## Work to be completed
The records that follow are to be given again exactly. Do not carry over any image.

Stored data entries
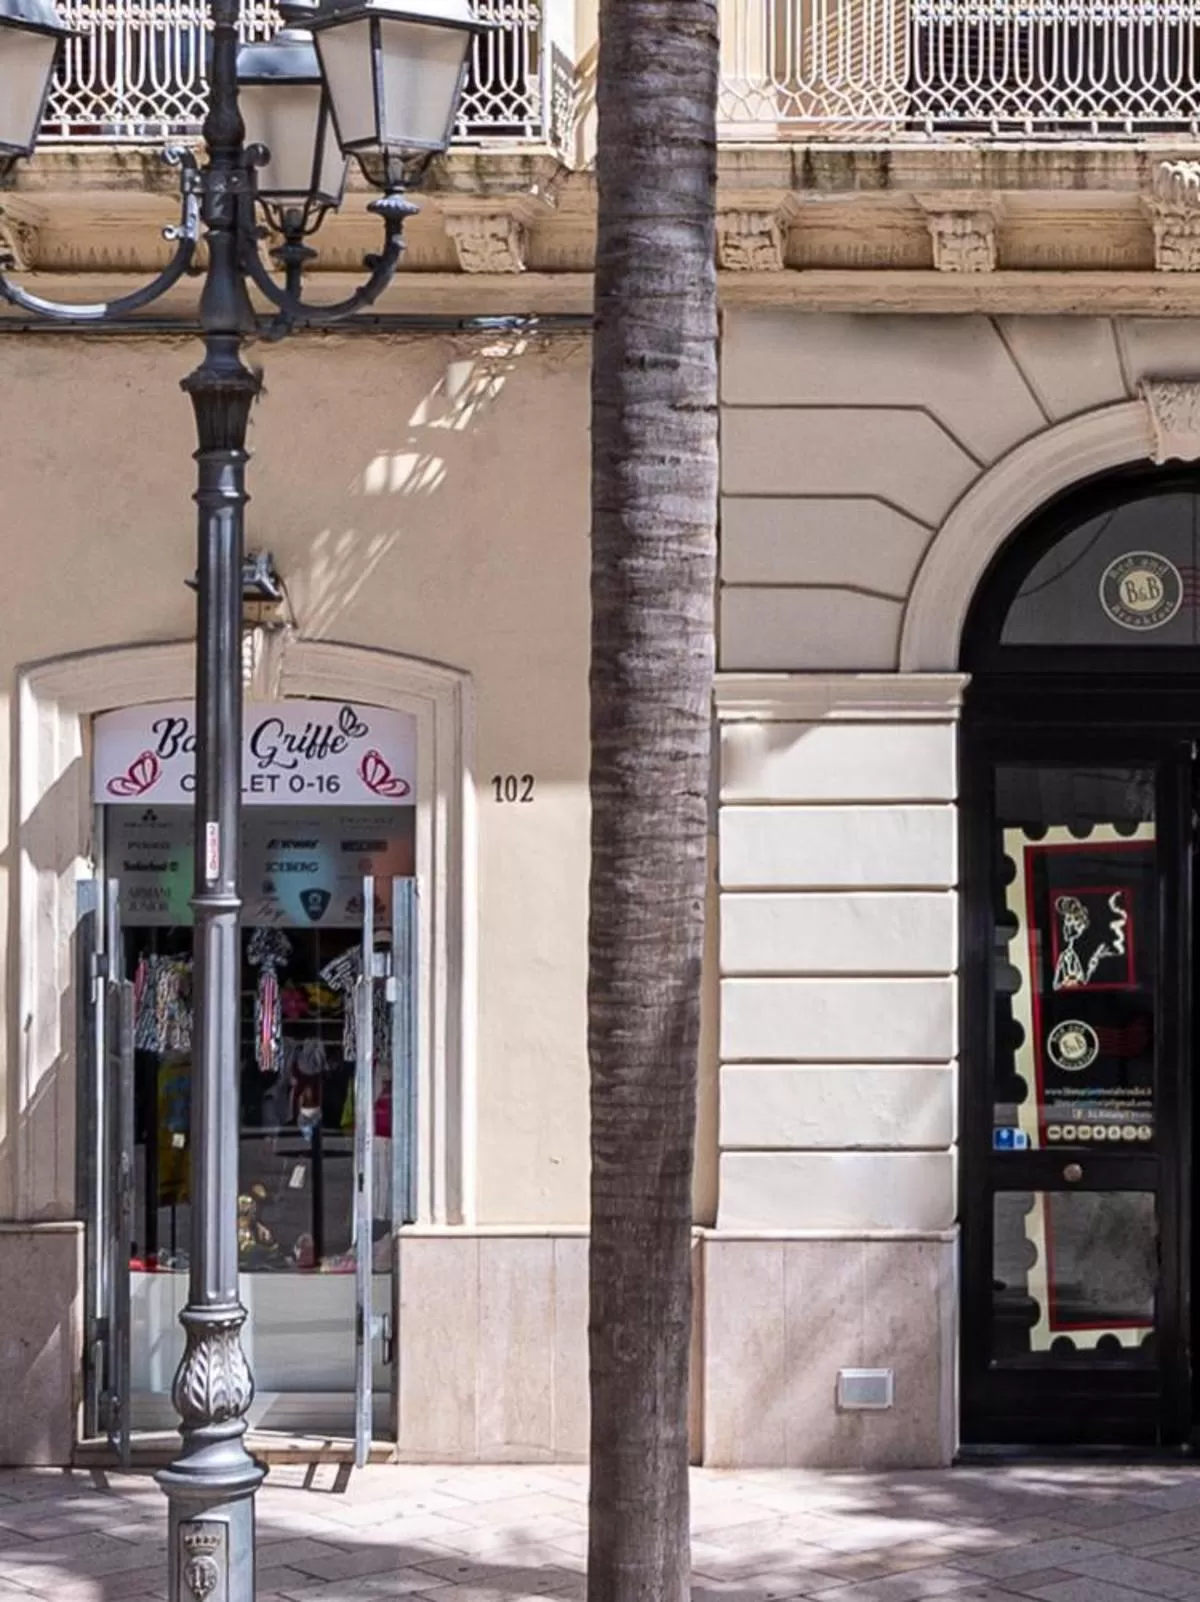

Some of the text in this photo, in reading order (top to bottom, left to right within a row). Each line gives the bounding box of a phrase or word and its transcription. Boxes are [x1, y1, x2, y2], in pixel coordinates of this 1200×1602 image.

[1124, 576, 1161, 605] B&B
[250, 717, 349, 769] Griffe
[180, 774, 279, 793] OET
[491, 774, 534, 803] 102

## Result
Some of the text in this photo, in reading order (top to bottom, left to right within a row). Each line gives the bounding box of a phrase or word and its transcription. Boxes are [x1, y1, x2, y2], in pixel coordinates of this 1200×1602 image.

[1124, 576, 1161, 605] B&B
[250, 717, 349, 769] Griffe
[180, 774, 279, 793] OET
[491, 774, 534, 803] 102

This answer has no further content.